* [Exercise prompt] All of the records below need to be written out exactly, but without the pictures.

* [Materials provided]
▼

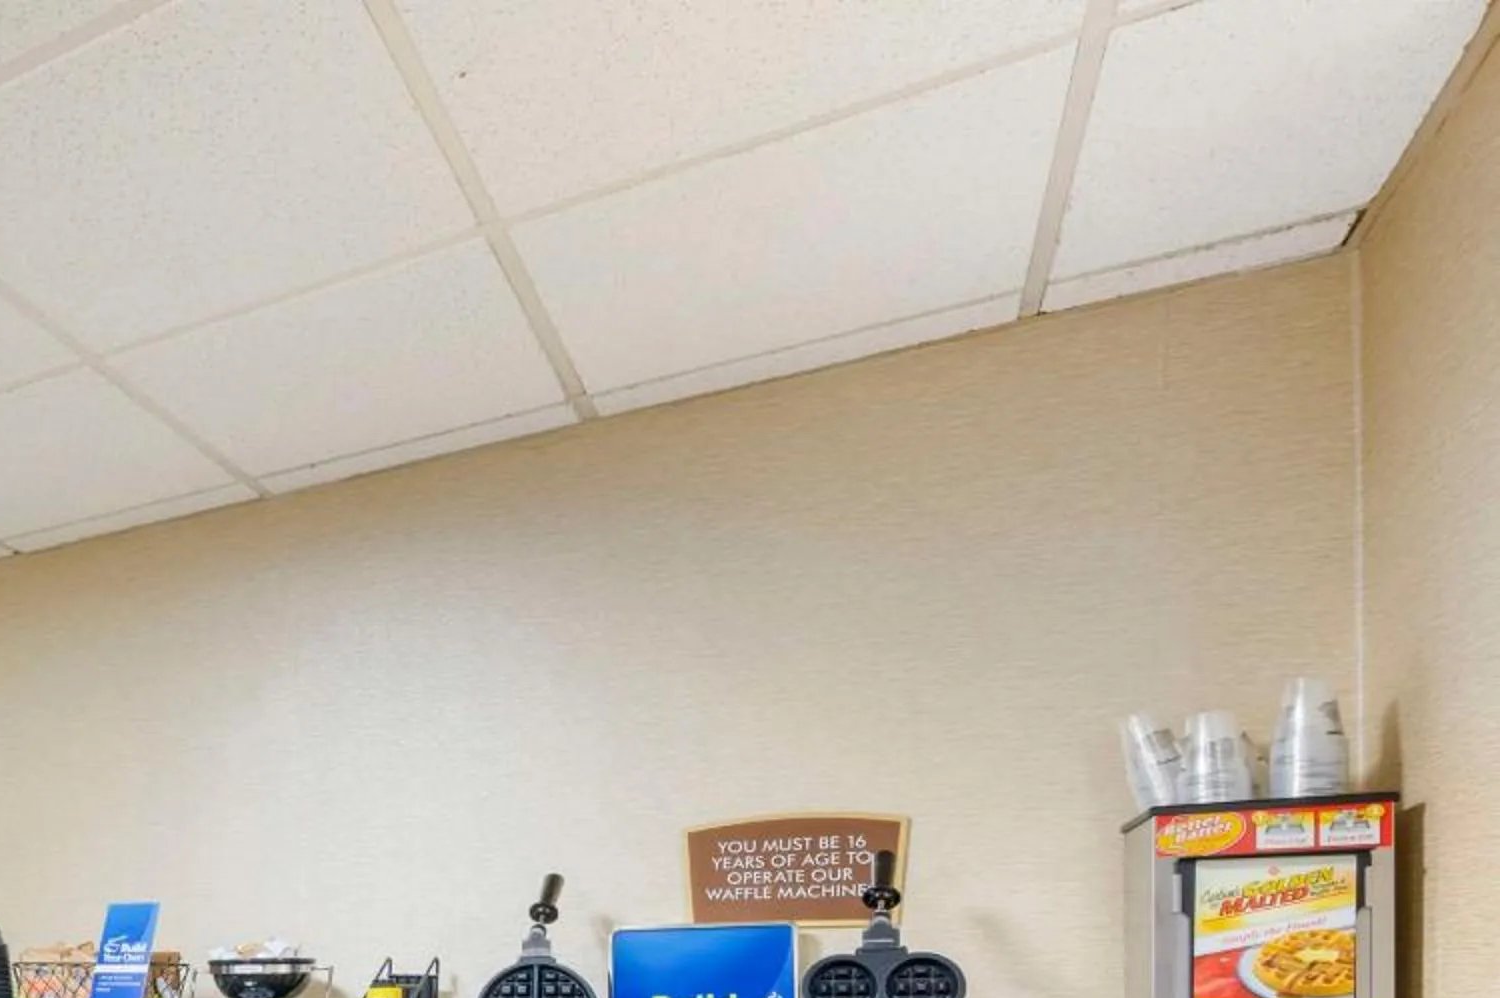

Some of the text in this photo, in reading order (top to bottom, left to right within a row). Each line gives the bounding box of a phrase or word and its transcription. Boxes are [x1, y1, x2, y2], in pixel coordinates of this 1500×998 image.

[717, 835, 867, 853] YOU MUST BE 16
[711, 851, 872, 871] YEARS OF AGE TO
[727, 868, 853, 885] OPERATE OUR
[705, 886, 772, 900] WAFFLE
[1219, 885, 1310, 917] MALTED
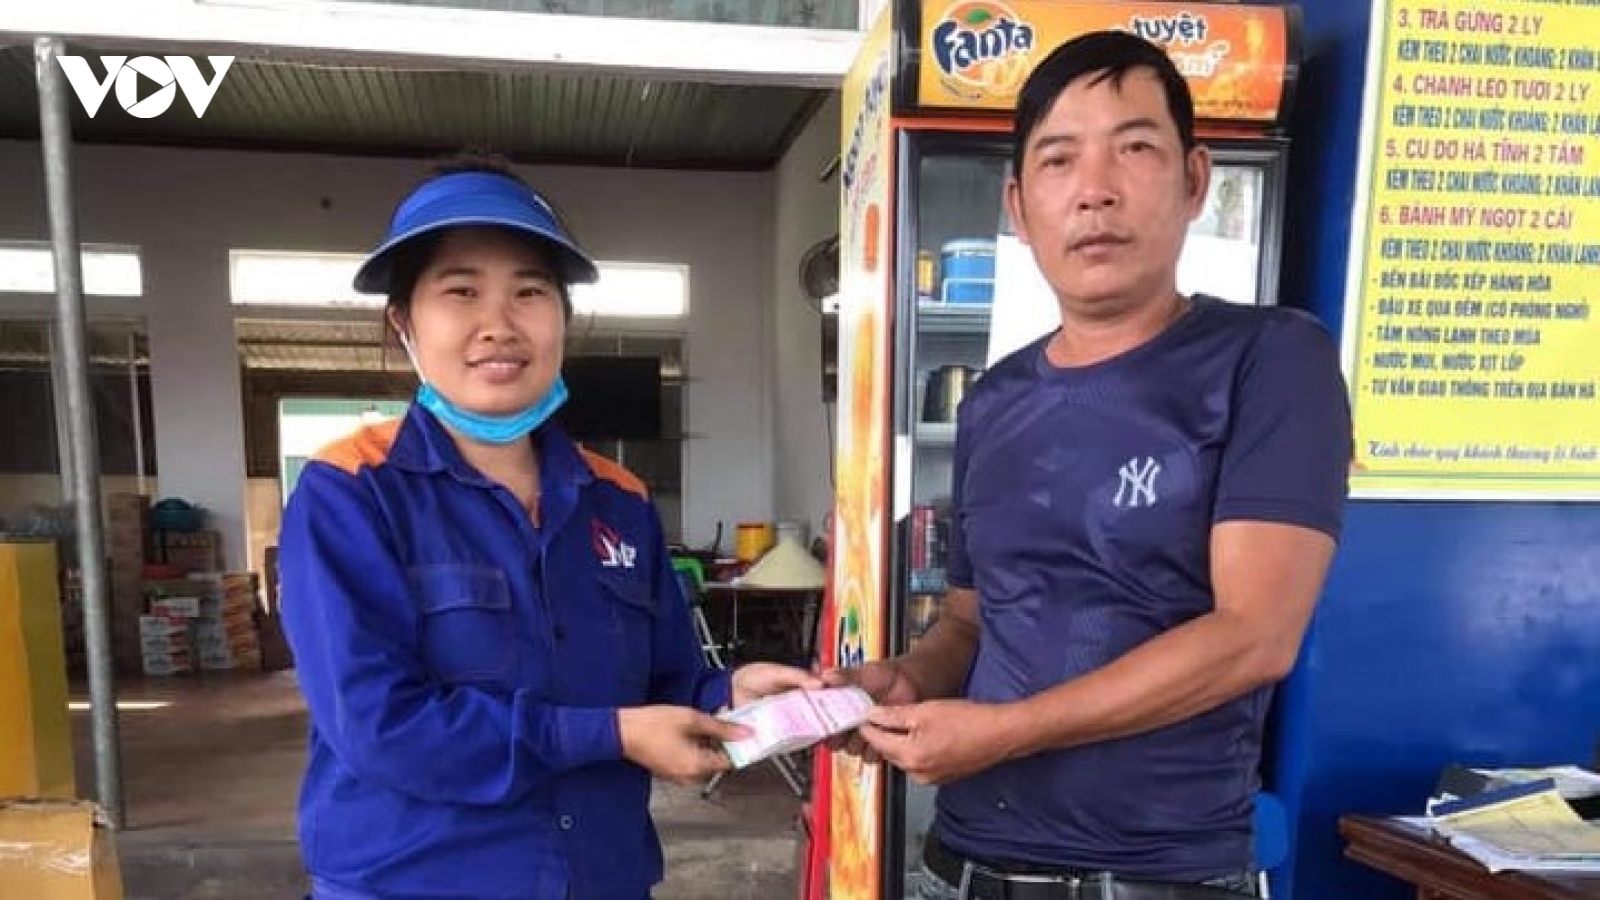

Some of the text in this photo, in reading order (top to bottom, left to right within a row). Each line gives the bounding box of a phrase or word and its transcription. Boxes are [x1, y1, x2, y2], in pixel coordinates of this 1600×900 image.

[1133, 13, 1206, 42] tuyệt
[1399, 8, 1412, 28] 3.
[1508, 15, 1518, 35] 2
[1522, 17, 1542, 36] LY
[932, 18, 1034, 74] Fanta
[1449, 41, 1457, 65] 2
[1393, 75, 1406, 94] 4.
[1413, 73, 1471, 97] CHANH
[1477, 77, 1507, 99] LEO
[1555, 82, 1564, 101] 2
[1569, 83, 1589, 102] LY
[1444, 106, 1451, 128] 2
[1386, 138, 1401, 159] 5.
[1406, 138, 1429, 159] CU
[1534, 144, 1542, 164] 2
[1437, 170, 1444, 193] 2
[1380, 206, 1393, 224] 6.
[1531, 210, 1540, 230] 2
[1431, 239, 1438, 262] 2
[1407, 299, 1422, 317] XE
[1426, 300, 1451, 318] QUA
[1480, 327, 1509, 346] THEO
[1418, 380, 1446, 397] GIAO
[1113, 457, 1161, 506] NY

▲

* [Exercise result]
Some of the text in this photo, in reading order (top to bottom, left to right within a row). Each line gives the bounding box of a phrase or word and its transcription. Boxes are [x1, y1, x2, y2], in pixel coordinates of this 1500×998 image.

[717, 835, 867, 853] YOU MUST BE 16
[711, 851, 872, 871] YEARS OF AGE TO
[727, 868, 853, 885] OPERATE OUR
[705, 886, 772, 900] WAFFLE
[1219, 885, 1310, 917] MALTED

Some of the text in this photo, in reading order (top to bottom, left to right within a row). Each line gives the bounding box of a phrase or word and its transcription. Boxes are [x1, y1, x2, y2], in pixel coordinates of this 1600×900 image.

[1133, 13, 1206, 42] tuyệt
[1399, 8, 1412, 28] 3.
[1508, 15, 1518, 35] 2
[1522, 17, 1542, 36] LY
[932, 18, 1034, 74] Fanta
[1449, 41, 1457, 65] 2
[1393, 75, 1406, 94] 4.
[1413, 73, 1471, 97] CHANH
[1477, 77, 1507, 99] LEO
[1555, 82, 1564, 101] 2
[1569, 83, 1589, 102] LY
[1444, 106, 1451, 128] 2
[1386, 138, 1401, 159] 5.
[1406, 138, 1429, 159] CU
[1534, 144, 1542, 164] 2
[1437, 170, 1444, 193] 2
[1380, 206, 1393, 224] 6.
[1531, 210, 1540, 230] 2
[1431, 239, 1438, 262] 2
[1407, 299, 1422, 317] XE
[1426, 300, 1451, 318] QUA
[1480, 327, 1509, 346] THEO
[1418, 380, 1446, 397] GIAO
[1113, 457, 1161, 506] NY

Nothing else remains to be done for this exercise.